-- Provided data follows --

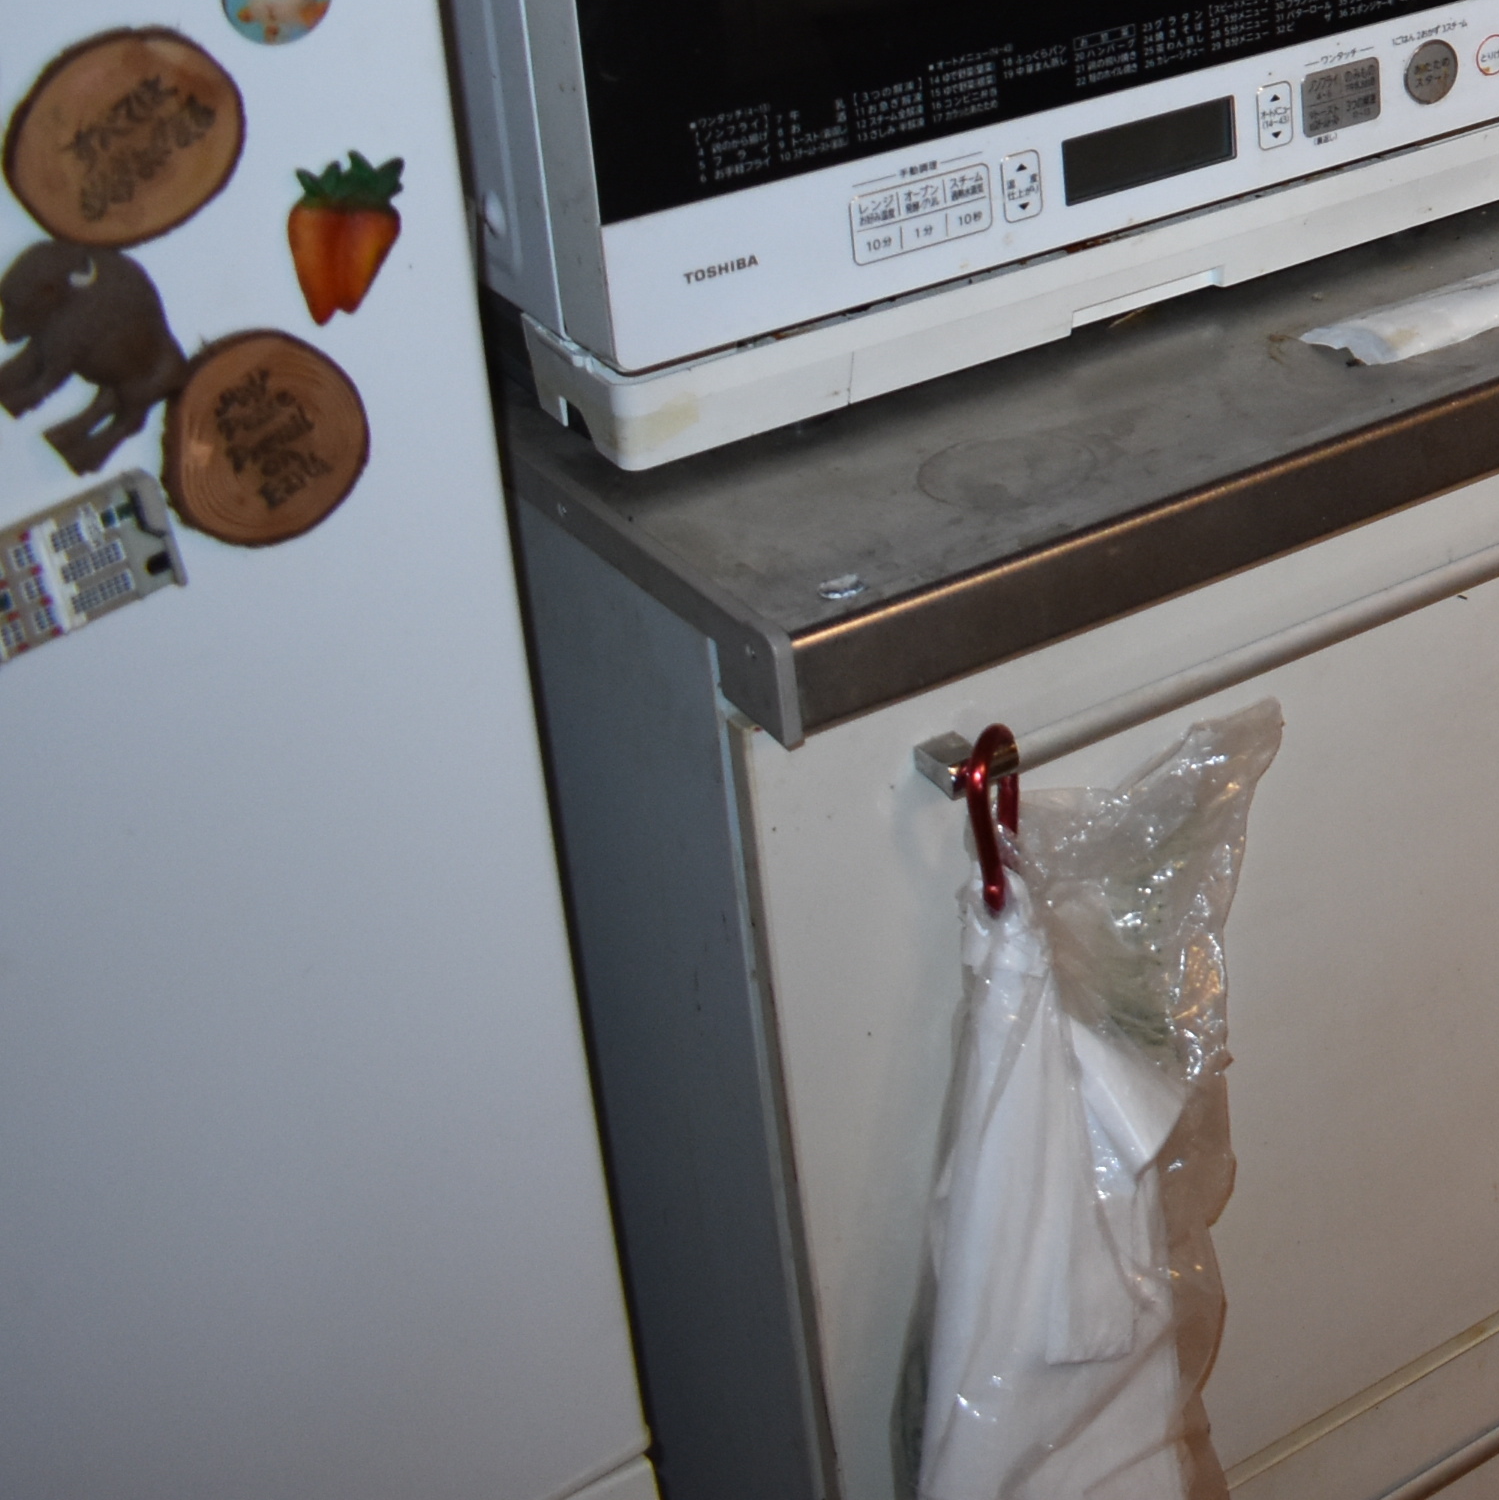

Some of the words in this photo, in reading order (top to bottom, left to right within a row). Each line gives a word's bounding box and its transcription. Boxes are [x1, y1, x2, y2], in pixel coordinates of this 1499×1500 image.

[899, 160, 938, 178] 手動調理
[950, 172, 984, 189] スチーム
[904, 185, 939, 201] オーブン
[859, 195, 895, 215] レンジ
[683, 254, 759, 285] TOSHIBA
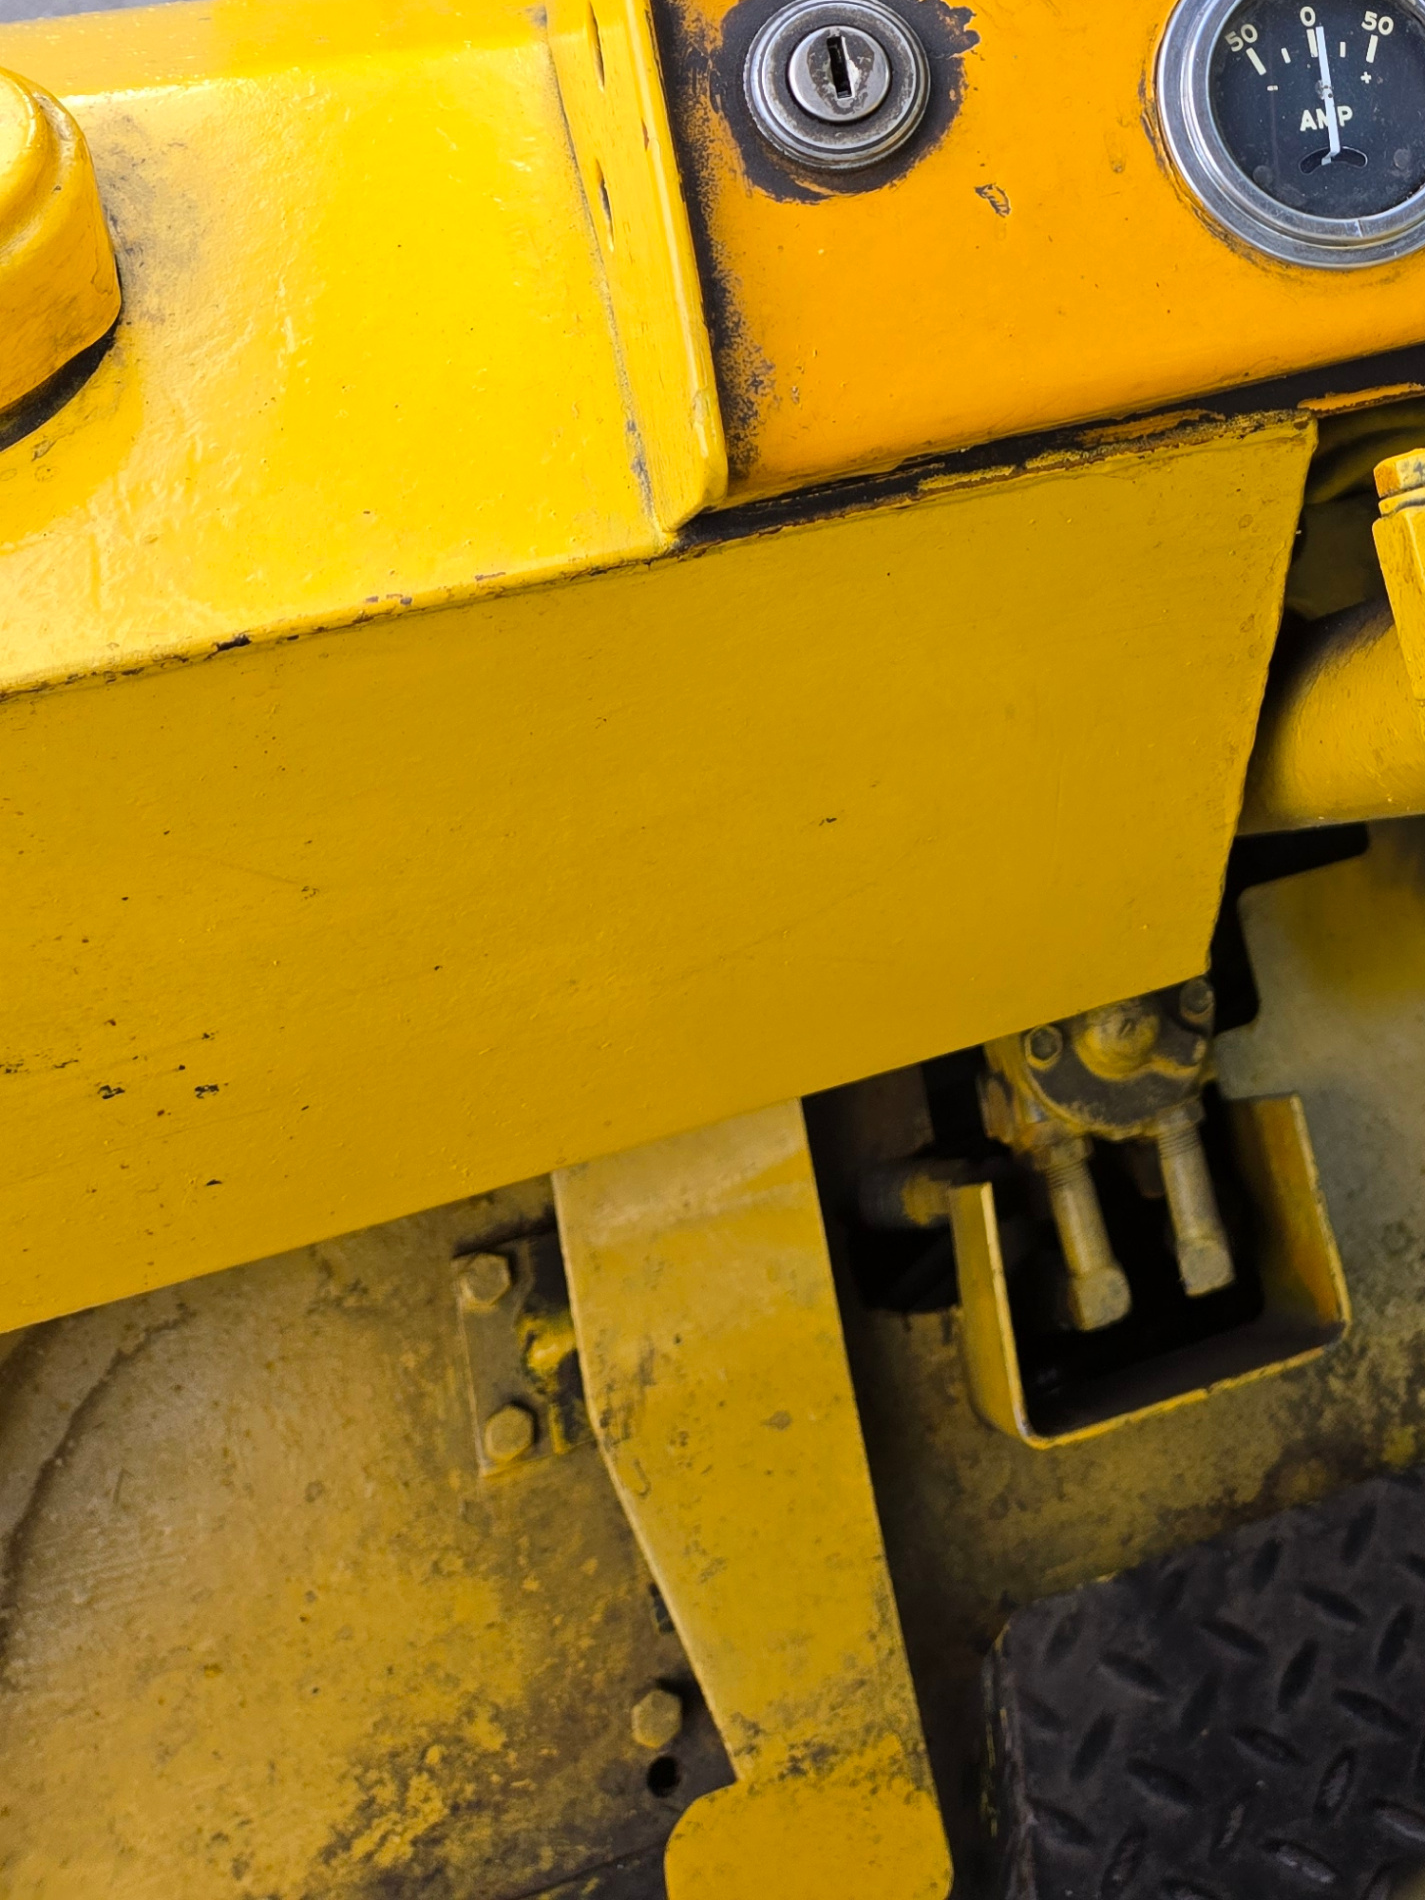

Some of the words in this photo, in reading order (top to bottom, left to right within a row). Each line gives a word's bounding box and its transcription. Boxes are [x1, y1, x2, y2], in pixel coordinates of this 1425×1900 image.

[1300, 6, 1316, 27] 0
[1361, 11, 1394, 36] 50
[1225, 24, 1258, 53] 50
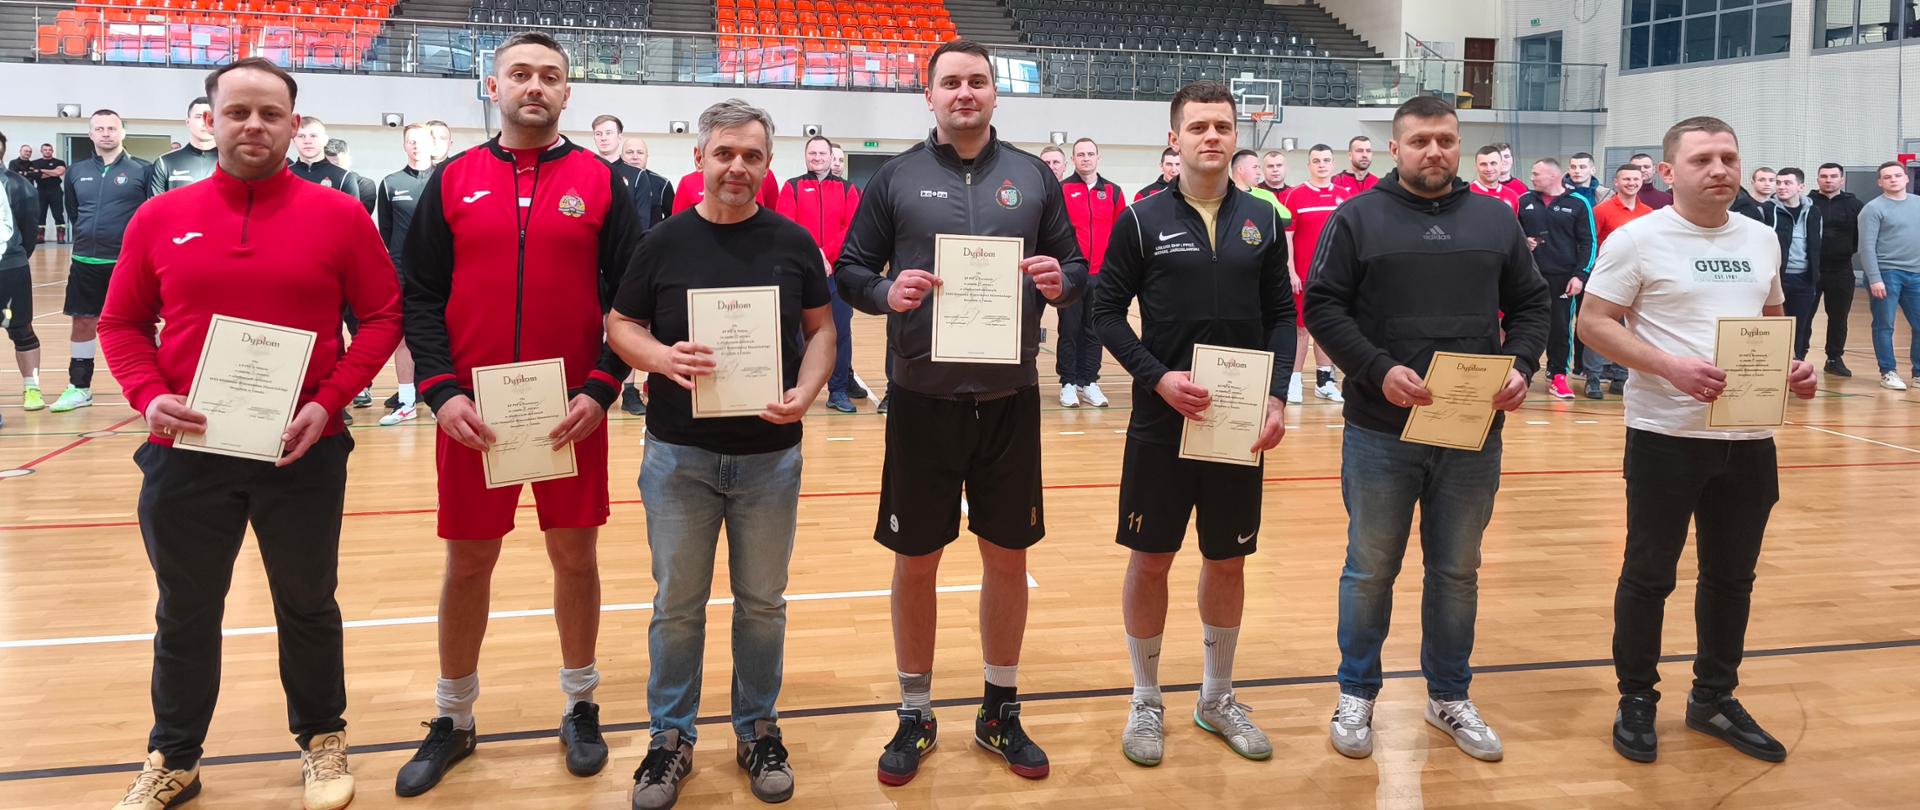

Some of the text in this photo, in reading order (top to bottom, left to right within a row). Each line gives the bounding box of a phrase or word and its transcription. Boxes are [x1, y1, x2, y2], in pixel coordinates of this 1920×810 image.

-- Provided data concluded --

[Task prompt]: None of the pictures belong in the copy; repeat all other material exactly.

[Exercise response]:
Some of the words in this photo, in reading order (top to bottom, left to right within a row). Each line gives a word's bounding box and its transcription. Boxes are [x1, y1, x2, y2], in pixel coordinates of this 1499×1500 image.

[899, 160, 938, 178] 手動調理
[950, 172, 984, 189] スチーム
[904, 185, 939, 201] オーブン
[859, 195, 895, 215] レンジ
[683, 254, 759, 285] TOSHIBA

Some of the words in this photo, in reading order (top to bottom, left to right within a row). Each line gives a word's bounding box and its transcription. Boxes are [x1, y1, x2, y2], in pixel coordinates of this 1425×1900 image.

[1300, 6, 1316, 27] 0
[1361, 11, 1394, 36] 50
[1225, 24, 1258, 53] 50

Some of the text in this photo, in reading order (top to bottom, left to right within a row). Each line gives the bounding box of a phrase or word and its transcription. Boxes are [x1, y1, x2, y2], in pixel coordinates of this 1920×810 image.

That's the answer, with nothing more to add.